▶ Problem to solve
Copy out the records again. Change nothing.

== Extracted information ==

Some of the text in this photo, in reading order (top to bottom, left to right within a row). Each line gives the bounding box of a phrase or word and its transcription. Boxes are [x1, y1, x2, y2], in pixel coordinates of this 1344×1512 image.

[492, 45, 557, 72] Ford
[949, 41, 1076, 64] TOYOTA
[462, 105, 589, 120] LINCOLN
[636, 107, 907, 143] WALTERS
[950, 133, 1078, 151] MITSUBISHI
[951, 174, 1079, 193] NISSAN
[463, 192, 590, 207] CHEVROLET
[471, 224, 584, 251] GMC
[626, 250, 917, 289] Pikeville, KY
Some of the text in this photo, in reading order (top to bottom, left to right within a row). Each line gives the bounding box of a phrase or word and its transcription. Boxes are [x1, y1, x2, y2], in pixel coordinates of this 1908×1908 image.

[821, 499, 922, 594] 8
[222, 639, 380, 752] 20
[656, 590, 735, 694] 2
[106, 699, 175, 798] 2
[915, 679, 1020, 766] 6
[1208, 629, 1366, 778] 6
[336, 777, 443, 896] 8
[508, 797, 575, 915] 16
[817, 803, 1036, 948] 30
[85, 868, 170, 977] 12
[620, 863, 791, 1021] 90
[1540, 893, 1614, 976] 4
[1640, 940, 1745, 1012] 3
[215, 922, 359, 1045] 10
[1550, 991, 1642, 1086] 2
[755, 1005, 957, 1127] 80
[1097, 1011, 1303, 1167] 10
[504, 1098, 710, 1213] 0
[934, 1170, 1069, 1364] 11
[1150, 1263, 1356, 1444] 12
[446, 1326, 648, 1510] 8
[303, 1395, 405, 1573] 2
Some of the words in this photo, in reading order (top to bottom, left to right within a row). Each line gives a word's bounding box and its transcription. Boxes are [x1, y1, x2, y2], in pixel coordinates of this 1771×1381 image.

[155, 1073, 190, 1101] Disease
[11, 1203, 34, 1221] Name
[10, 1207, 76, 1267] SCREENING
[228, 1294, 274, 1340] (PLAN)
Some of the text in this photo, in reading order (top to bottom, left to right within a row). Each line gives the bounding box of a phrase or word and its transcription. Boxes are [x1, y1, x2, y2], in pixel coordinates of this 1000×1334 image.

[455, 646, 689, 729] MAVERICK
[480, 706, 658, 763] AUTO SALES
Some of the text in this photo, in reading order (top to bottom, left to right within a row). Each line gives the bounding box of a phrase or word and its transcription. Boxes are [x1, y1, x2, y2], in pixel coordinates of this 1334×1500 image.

===

▶ Output of the exercise
Some of the text in this photo, in reading order (top to bottom, left to right within a row). Each line gives the bounding box of a phrase or word and its transcription. Boxes are [x1, y1, x2, y2], in pixel coordinates of this 1344×1512 image.

[492, 45, 557, 72] Ford
[949, 41, 1076, 64] TOYOTA
[462, 105, 589, 120] LINCOLN
[636, 107, 907, 143] WALTERS
[950, 133, 1078, 151] MITSUBISHI
[951, 174, 1079, 193] NISSAN
[463, 192, 590, 207] CHEVROLET
[471, 224, 584, 251] GMC
[626, 250, 917, 289] Pikeville, KY
Some of the text in this photo, in reading order (top to bottom, left to right within a row). Each line gives the bounding box of a phrase or word and its transcription. Boxes are [x1, y1, x2, y2], in pixel coordinates of this 1908×1908 image.

[821, 499, 922, 594] 8
[222, 639, 380, 752] 20
[656, 590, 735, 694] 2
[106, 699, 175, 798] 2
[915, 679, 1020, 766] 6
[1208, 629, 1366, 778] 6
[336, 777, 443, 896] 8
[508, 797, 575, 915] 16
[817, 803, 1036, 948] 30
[85, 868, 170, 977] 12
[620, 863, 791, 1021] 90
[1540, 893, 1614, 976] 4
[1640, 940, 1745, 1012] 3
[215, 922, 359, 1045] 10
[1550, 991, 1642, 1086] 2
[755, 1005, 957, 1127] 80
[1097, 1011, 1303, 1167] 10
[504, 1098, 710, 1213] 0
[934, 1170, 1069, 1364] 11
[1150, 1263, 1356, 1444] 12
[446, 1326, 648, 1510] 8
[303, 1395, 405, 1573] 2
Some of the words in this photo, in reading order (top to bottom, left to right within a row). Each line gives a word's bounding box and its transcription. Boxes are [x1, y1, x2, y2], in pixel coordinates of this 1771×1381 image.

[155, 1073, 190, 1101] Disease
[11, 1203, 34, 1221] Name
[10, 1207, 76, 1267] SCREENING
[228, 1294, 274, 1340] (PLAN)
Some of the text in this photo, in reading order (top to bottom, left to right within a row). Each line gives the bounding box of a phrase or word and its transcription. Boxes are [x1, y1, x2, y2], in pixel coordinates of this 1000×1334 image.

[455, 646, 689, 729] MAVERICK
[480, 706, 658, 763] AUTO SALES
Some of the text in this photo, in reading order (top to bottom, left to right within a row). Each line gives the bounding box of a phrase or word and its transcription. Boxes are [x1, y1, x2, y2], in pixel coordinates of this 1334×1500 image.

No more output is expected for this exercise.